One of our recent RPA prospects had a problem of duplicate invoices being generated because of near-duplicate names. The near-duplicate names are the same names with spelling mistakes. For Example: Sandeep Joice & Sandeep Joyce. The problem was with identifying these two are same or different person.
This identification is a big challenge as it is firstly humane, until & unless we have some identification, we cannot identify just by the name. Secondly, if there is no digital data to verify & identify if this human being is the same or different.
To overcome these things, what we did is to find an algorithm which that can help us identify. There is an algorithm called as Levenshtein’s Distance Algorithm – “The Levenshtein distance is a string metric for measuring difference between two sequences. Informally, the Levenshtein distance between two words is the minimum number of single-character edits (i.e. insertions, deletions or substitutions) required to change one word into the other. It is named after Vladimir Levenshtein, who considered this distance in 1965“.

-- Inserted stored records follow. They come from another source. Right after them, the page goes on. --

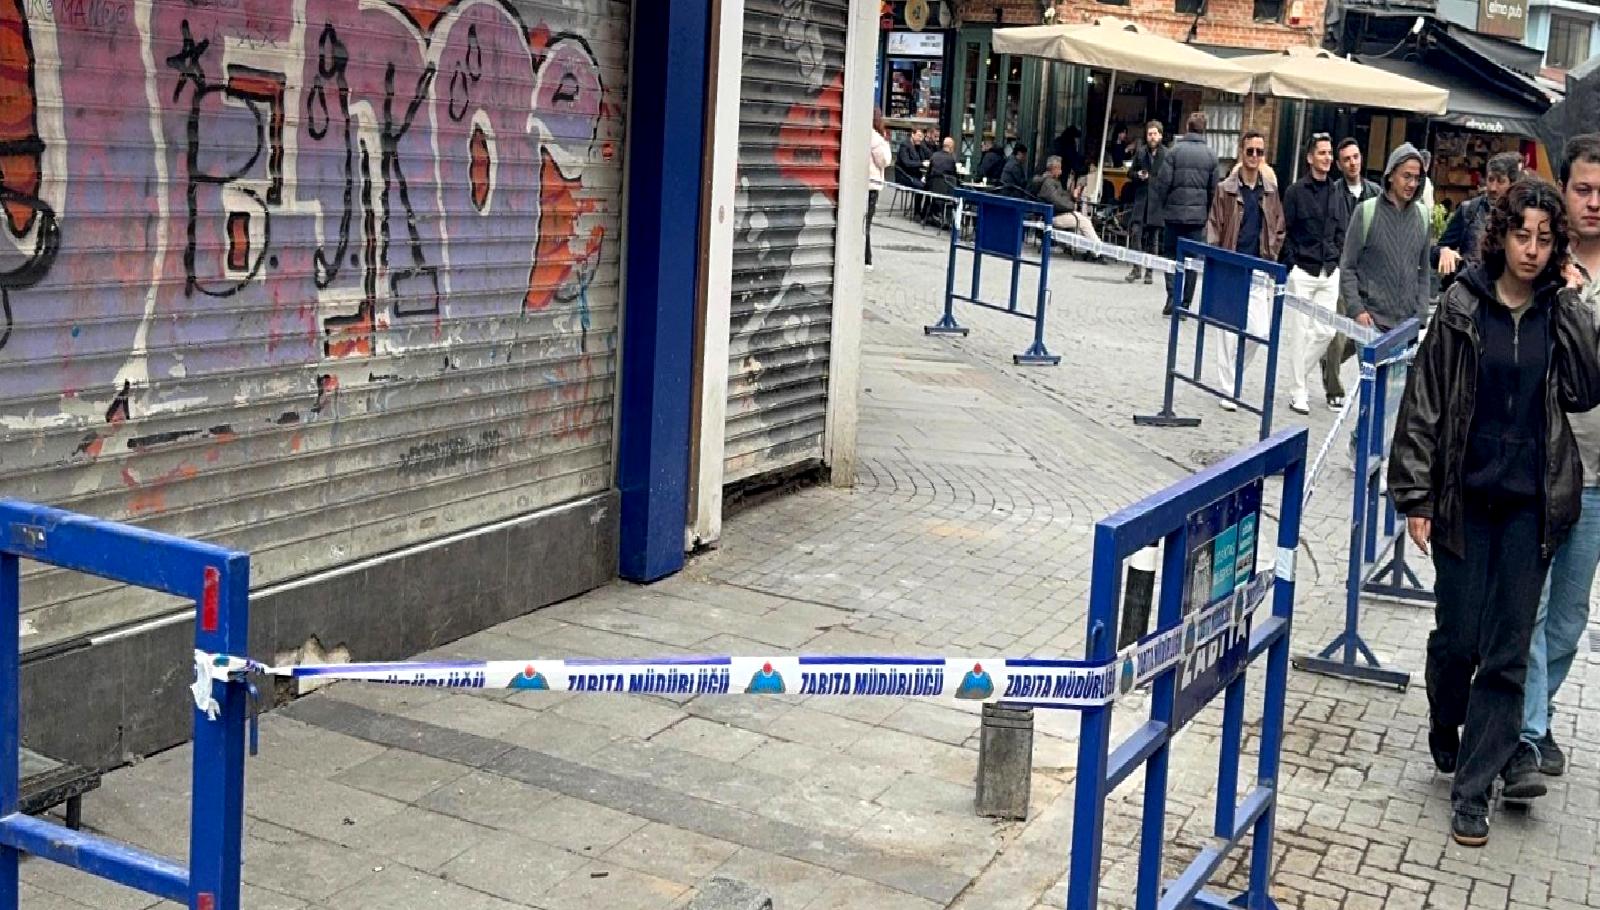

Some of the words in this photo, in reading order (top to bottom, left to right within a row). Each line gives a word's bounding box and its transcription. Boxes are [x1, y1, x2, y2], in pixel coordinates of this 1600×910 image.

[1507, 3, 1522, 20] pub
[800, 672, 851, 695] ZABITA
[853, 668, 944, 695] MÜDÜRLÜĞÜ
[1004, 674, 1051, 698] ZABITA
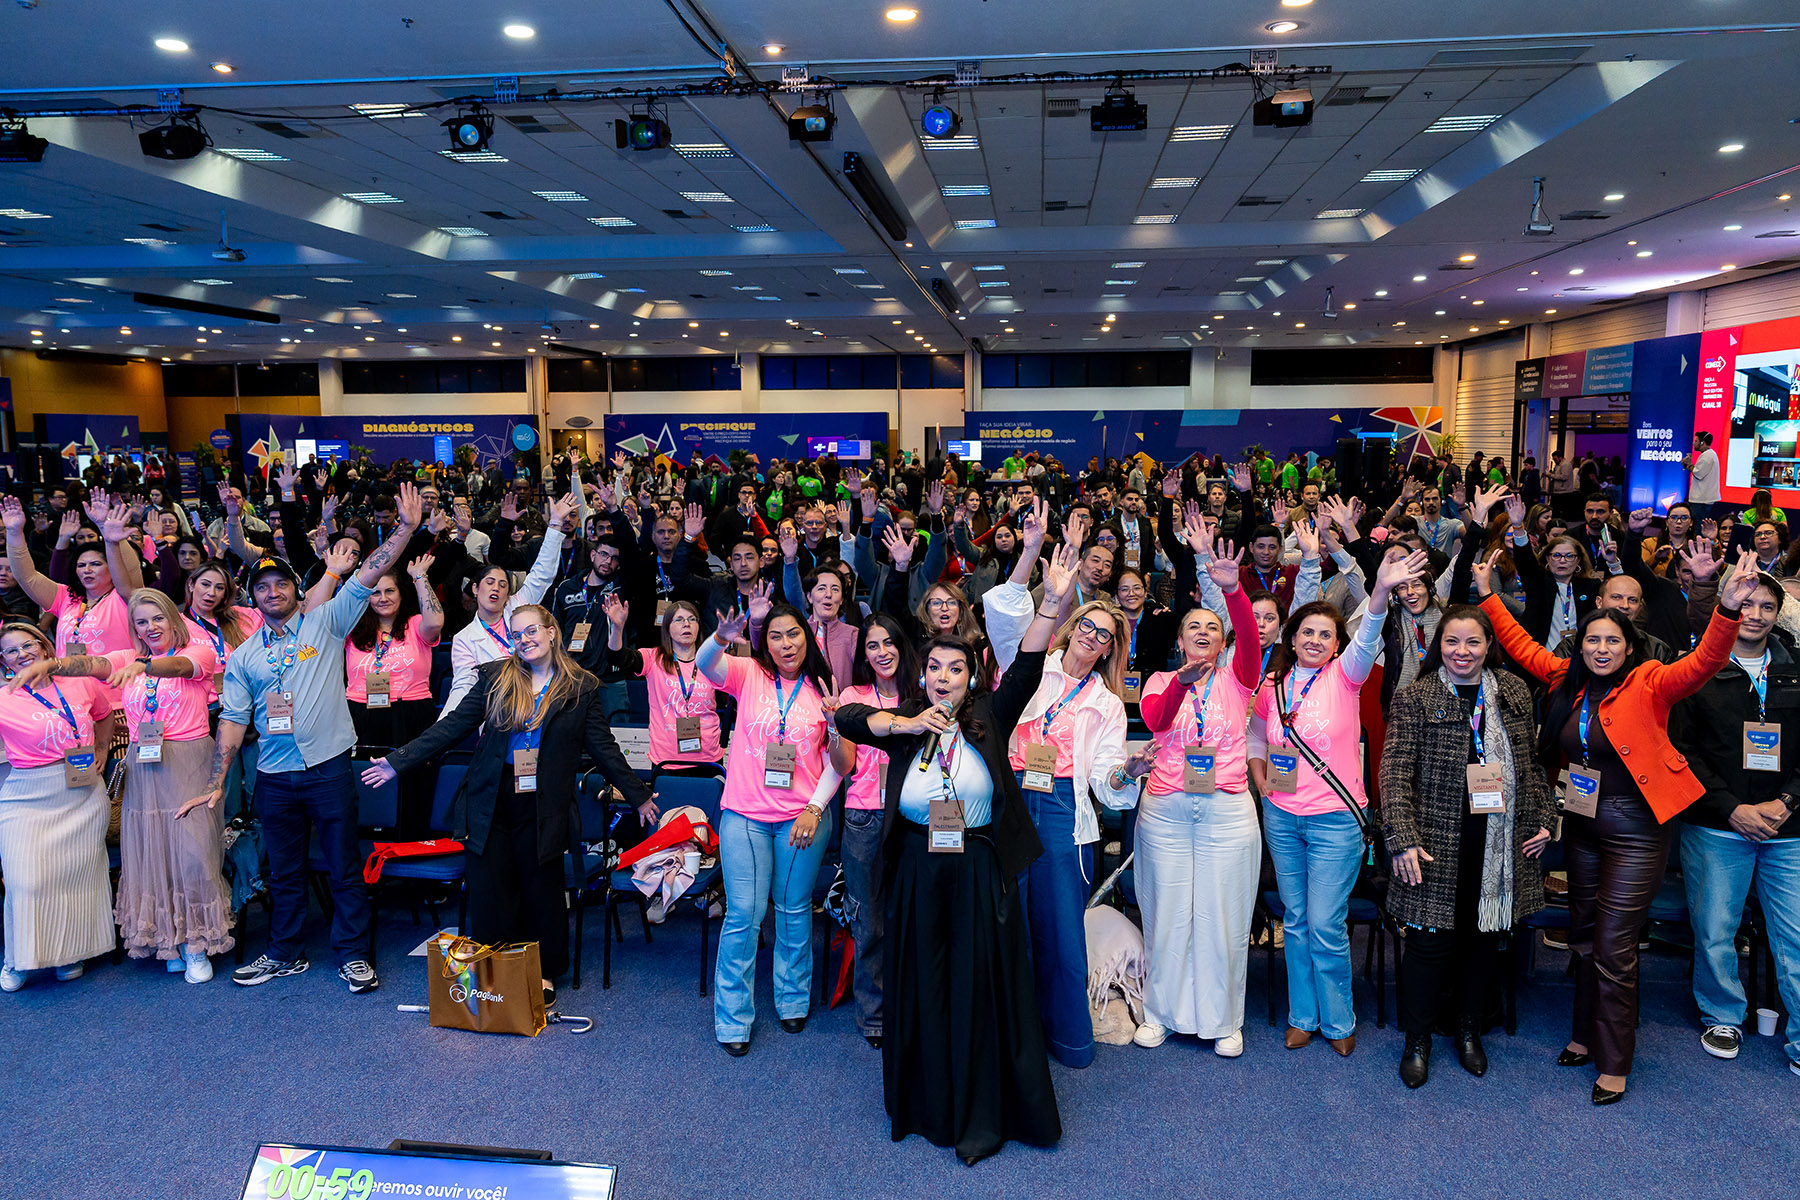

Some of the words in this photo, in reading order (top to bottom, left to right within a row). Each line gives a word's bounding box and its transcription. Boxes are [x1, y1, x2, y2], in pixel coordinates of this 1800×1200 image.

[1757, 394, 1780, 414] Méqui
[363, 421, 474, 432] DIAGNÓSTICOS
[980, 426, 1053, 438] NEGÓCIO
[1636, 429, 1673, 440] VENTOS
[1646, 440, 1658, 449] para
[1762, 444, 1778, 455] Méqui
[1640, 448, 1682, 462] NEGÓCIO
[470, 988, 504, 1003] PagBank
[267, 1164, 374, 1200] 00:59
[425, 1182, 464, 1199] ouvir
[466, 1186, 508, 1200] você!

We learnt & understood this algorithm and how it works. Once we had this knowledge, we started digitizing this algorithm to code. We had the code which works perfectly by taking two strings (First Name & Last Name) as inputs and give the distance of corrections between them. Now the real problem was on how to map this distance numeric to near-duplicate strings. Because the distance goes way higher if the two strings are different. So, we decided to reduce the probability of identifying strings as different by using basic probability & few string operations before we go to Levenshtein’s Algorithm. This helped us a lot but still, we were far away from the accuracy rate which is when we had the light bulb moment. Why don’t we introduce our own intelligence here? We are in an era of Artificial Intelligence and Machine Learning, why don’t we deep dive into it? This thought made us brainstorm and come up with a simple idea of building our own master data for duplicate names and use it as Intelligence. Voila! We had a solution!

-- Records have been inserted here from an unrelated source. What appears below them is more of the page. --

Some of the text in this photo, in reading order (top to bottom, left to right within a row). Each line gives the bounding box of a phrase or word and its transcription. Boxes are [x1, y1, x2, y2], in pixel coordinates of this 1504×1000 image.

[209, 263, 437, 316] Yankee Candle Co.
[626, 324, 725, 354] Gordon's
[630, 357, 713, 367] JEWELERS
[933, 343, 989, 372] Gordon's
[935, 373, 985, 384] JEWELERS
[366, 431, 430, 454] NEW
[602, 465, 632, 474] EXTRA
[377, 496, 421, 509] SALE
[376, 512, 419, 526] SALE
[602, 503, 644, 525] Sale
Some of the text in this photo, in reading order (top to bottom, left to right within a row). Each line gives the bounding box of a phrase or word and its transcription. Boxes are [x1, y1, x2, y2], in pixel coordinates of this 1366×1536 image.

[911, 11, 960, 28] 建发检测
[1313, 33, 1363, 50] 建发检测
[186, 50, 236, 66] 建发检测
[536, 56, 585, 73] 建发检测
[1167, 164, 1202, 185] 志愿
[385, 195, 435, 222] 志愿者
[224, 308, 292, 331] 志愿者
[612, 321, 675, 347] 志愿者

In the end, we built a simple yet powerful solution for this problem as below:
- First the bot checks for duplicate names in the Master data file which is built by the bot itself over the time. Where it checks for wrong name presence and picks its correct name.
- If it fails to find these duplicate names in master data, the second step is to check duplicate names based on string operations.

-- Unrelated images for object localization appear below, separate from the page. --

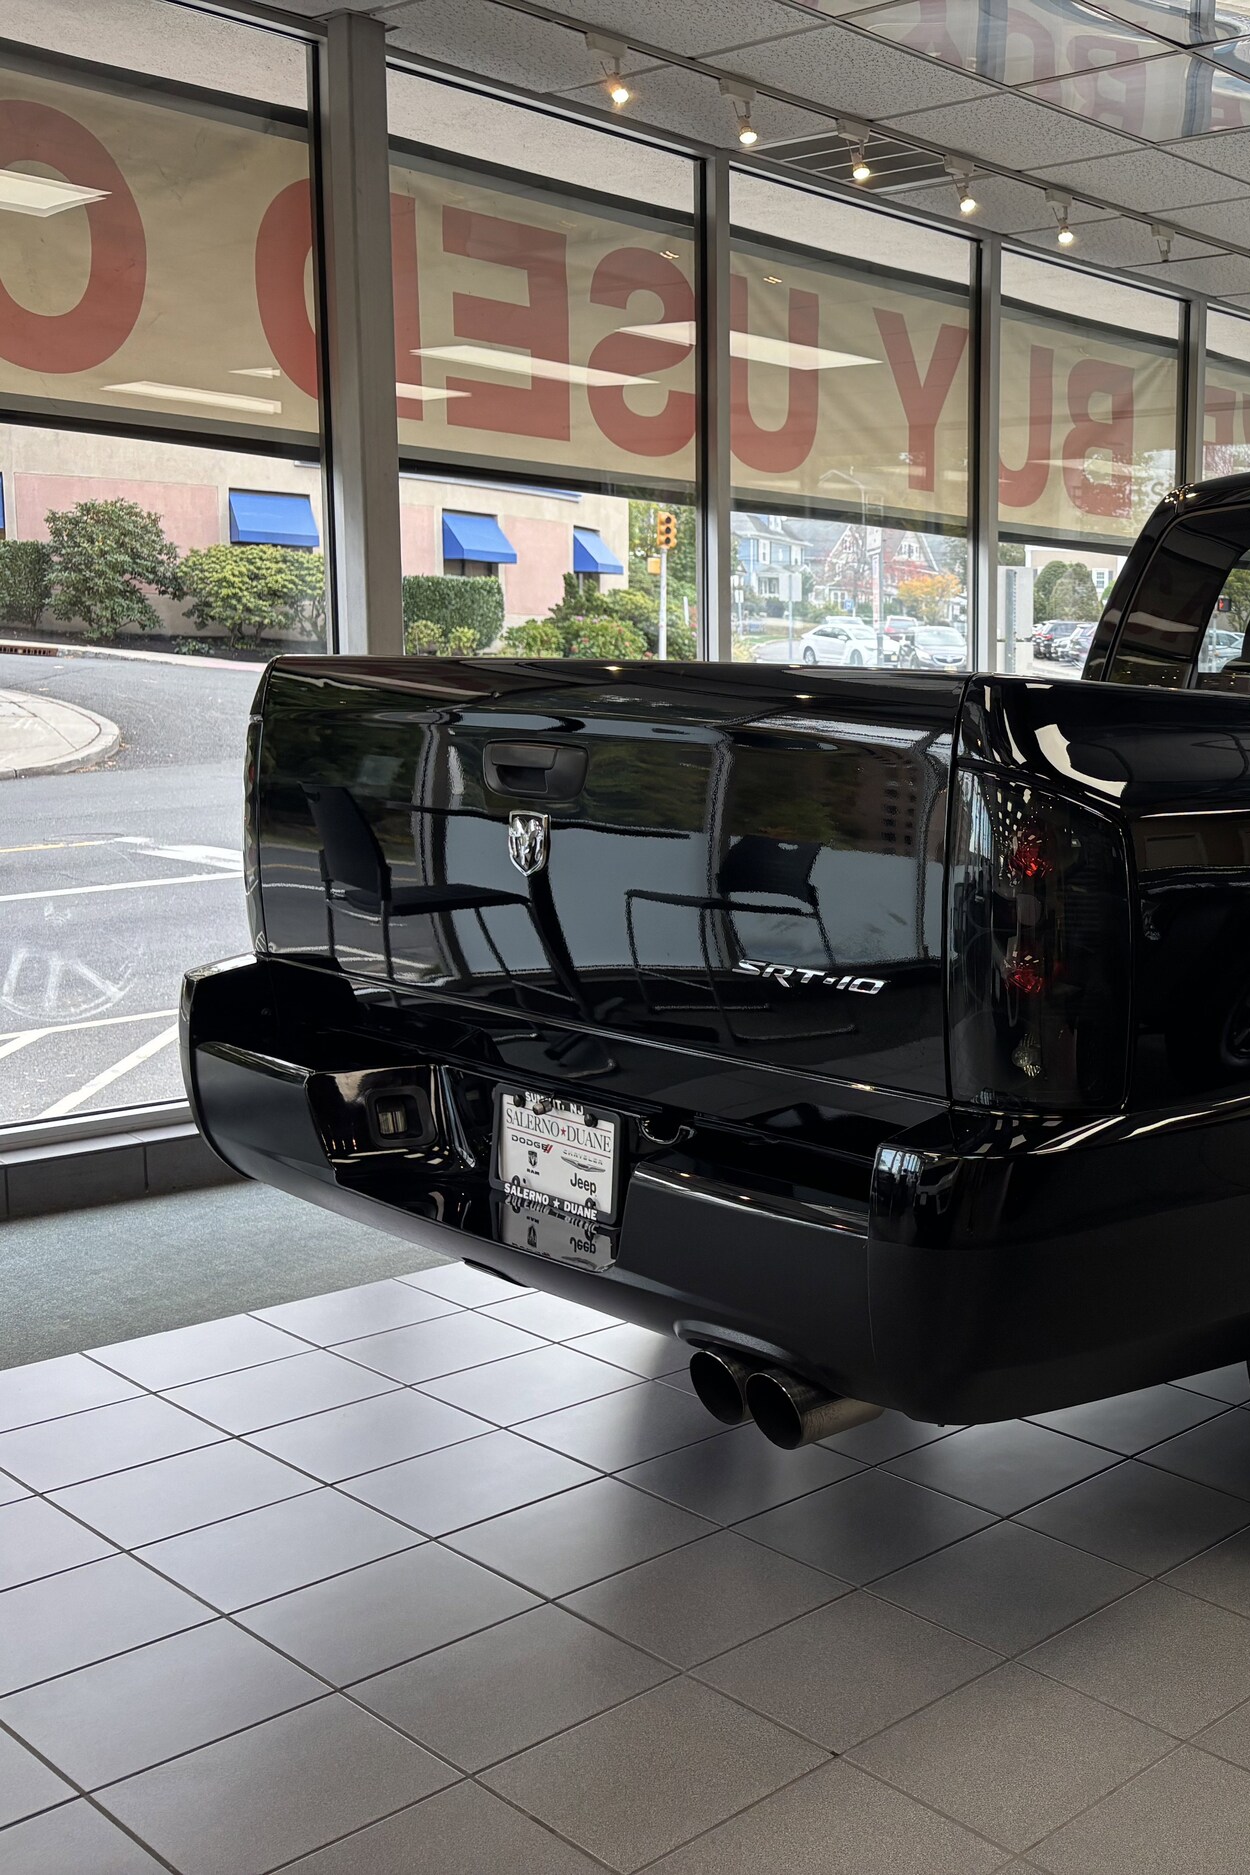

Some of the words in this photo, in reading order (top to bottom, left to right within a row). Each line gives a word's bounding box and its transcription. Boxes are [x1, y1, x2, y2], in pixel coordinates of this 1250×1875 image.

[731, 959, 887, 995] SRT-10
[525, 1091, 565, 1110] SUMIT,
[570, 1103, 584, 1115] NJ
[506, 1108, 560, 1138] SALERNO
[567, 1125, 612, 1153] DUANE
[511, 1134, 548, 1150] DODGE
[570, 1172, 597, 1196] Jeep
[504, 1183, 549, 1205] SALERNO
[563, 1201, 598, 1220] DUANE

- If it fails with step 2, step 3 is to check duplicate names based on probability.
- If it fails with step 3, step 4 is to check duplicate names based on Levenshtein’s Distance Algorithm.
- If all the above fail, we enter both the strings (Names) in the Master Data file, so that it will be reviewed by a human being later for identification & correction of the right name. Which helped the bot next time when it checks for a duplicate name in master data.
So, the moral of the story is, not every problem has a quick solution, we just need to build one around it!